Editorial

Little Black Boxes

By

My boss recently handed me a copy of a surfing magazine and said, “This is the kind of thing we need to do for alife.” Though I enjoy a good “man versus unstoppable force-of-nature” adventure as much as the next guy, I was having trouble making the application. My mind (and mouth, unfortunately) flipped into slogan mode, spewing out mindless, predictable dribble like “Riding the Next Wave of Missions” and “Called to Surf.”

“No,” he retorted, politely concealing his disdain. “Look at the little black boxes.”

The featured article, entitled “Covert Operations: How to Keep Secret Spots Secret,” was riddled with little black boxes, each concealing a nugget of vital information regarding the exact whereabouts of an incredible surfing spot. It was clearly the intention of the author to paint a vivid picture of the adventure without jeopardizing the security of the location. Aha! Now I get it.

And so it is with many of the “covert” ministries of The Alliance. Our challenge as ministry supporters is to keep our workers “upright in the pipeline,” and we sometimes need to jump in to help keep them afloat. But there are also times we need to stay out of the water. All the splashing attracts sharks. Let me explain.
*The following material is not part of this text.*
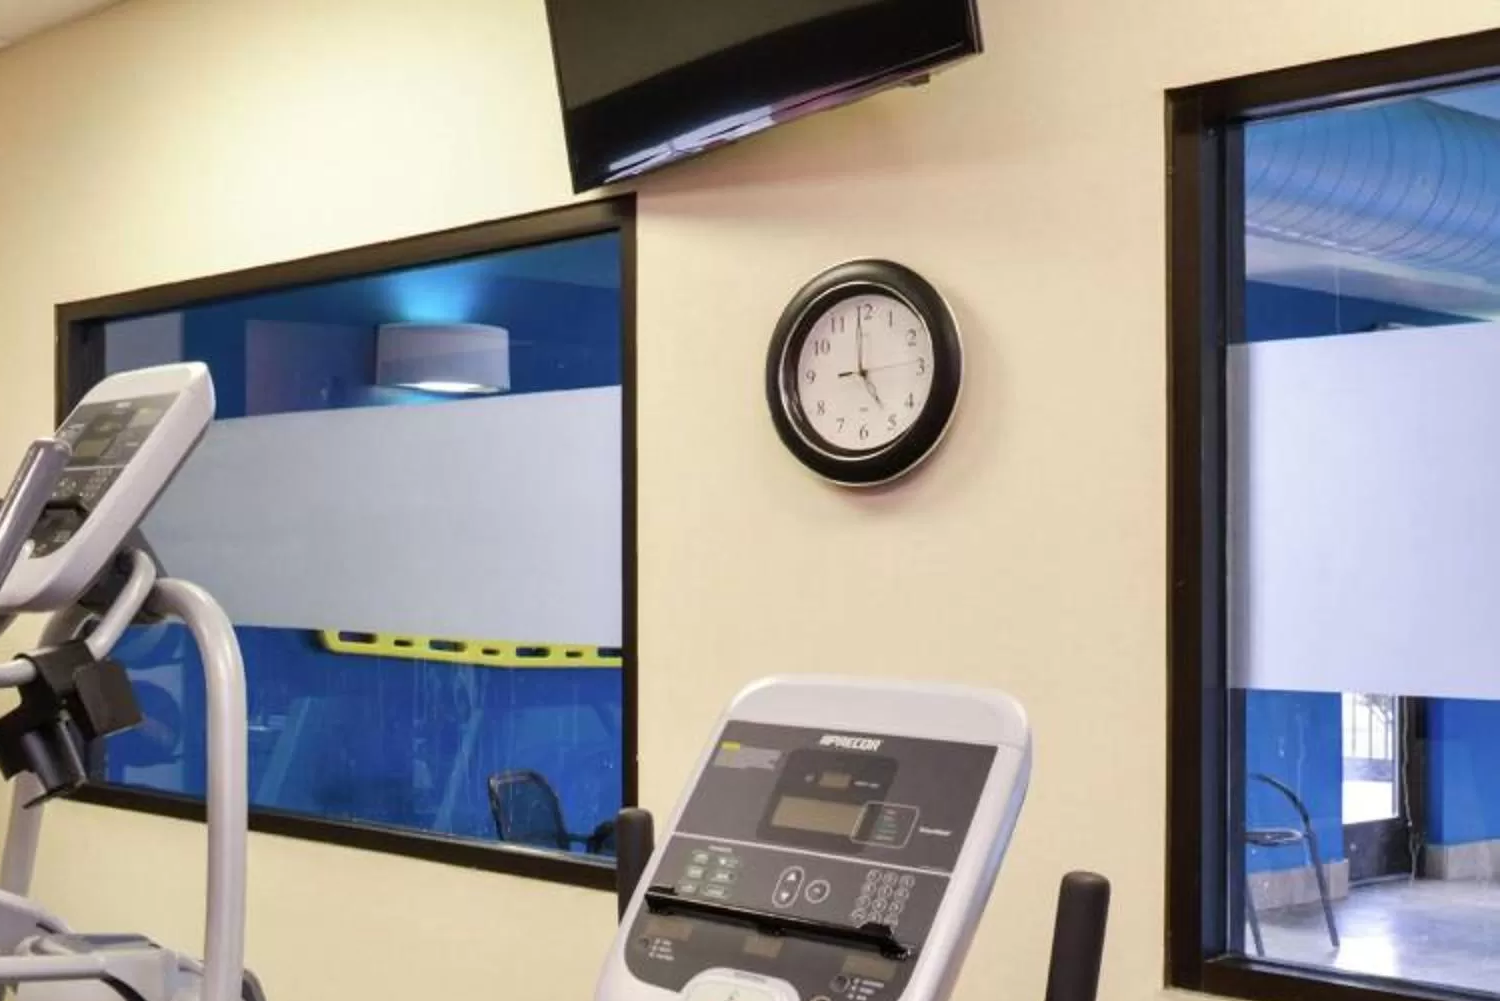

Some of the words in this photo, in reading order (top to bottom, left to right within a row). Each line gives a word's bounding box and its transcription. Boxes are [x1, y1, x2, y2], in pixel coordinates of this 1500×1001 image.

Several years ago, God opened an unlikely door into the country of . He raised up a reluctant Alliance pastor named to establish a church in this violent, war-ravaged, – dominant country. Death threats and car bombs were daily occurrences. Despite unspeakable adversity, the church more than survived—it thrived. And it multiplied. So great was God’s blessing on this body that those of us watching from the West could not contain our excitement. So we—and not just us Alliance folk but many denominational and parachurch groups—began splashing. Splashing on church bulletins and Web sites, in promotional literature, on personal blogs and social networking sites—anywhere we could stir the waters. The pastor of this church soon became the poster boy for “against-all-odds” ministry in tough places. Google searches of his name yielded thousands of sites, most revealing names, locations and specific ministry activities. And the sharks began circling. BIG sharks. And they’re still circling.

Two important footnotes here: First, no splashing is needed to attract predators. They’ll likely show up anyway—especially where God’s purposes are being fulfilled. We know that our enemy the devil prowls around like a roaring lion looking for someone to devour (1 Peter 5:8). Whether lion or shark, he smells the blood and comes in for the kill.

Second, some splashing is okay. Stories, by definition, aren’t crafted to be contained. We can’t—and shouldn’t—help but celebrate miracles and milestones, especially those that are truly spectacular. But whom, in our clamor, may we have unintentionally invited to the celebration, and what might be their motives?

All I’m saying is this: Communications have changed radically over the past few decades. They are immediate and global. If a tree falls in the woods, we can pinpoint its location to the millimeter and its time of impact to the millisecond through an ever-increasing arsenal of unblinking satellites. If a man proposes to his girlfriend in Times Square (or just about anywhere else), we can watch the whole thing live from our laptops through an alarmingly saturated network of public webcams. And if I had spaghetti for dinner, chances are pretty good that my Facebook friends (and theirs) will know about it before the last meatball is skewered. Without sounding overly paranoid, we need to watch each others’ backs—because everyone else is.

Over the past month, I’ve received many letters and e-mails asking why we are broadening the circulation of this magazine when the Internet is so capable of broadcasting our message to the masses. My answer? Because the Internet is so capable of broadcasting our message to the masses. The second a name, place or face is posted, it leaves an indelible image, accessible to anyone, anytime through unfathomably powerful search engine technologies.

The C&MA Web site is an essential resource for anyone wishing to learn about the Alliance heritage, infuse himself with C&MA DNA or explore the many avenues of Kingdom service through Alliance ministry. I urge you to visit it regularly (www.cmalliance.org). But don’t go there for the information you’re about to read in these pages. Most of it will not be found online—but only in the little black box where your postal worker left it.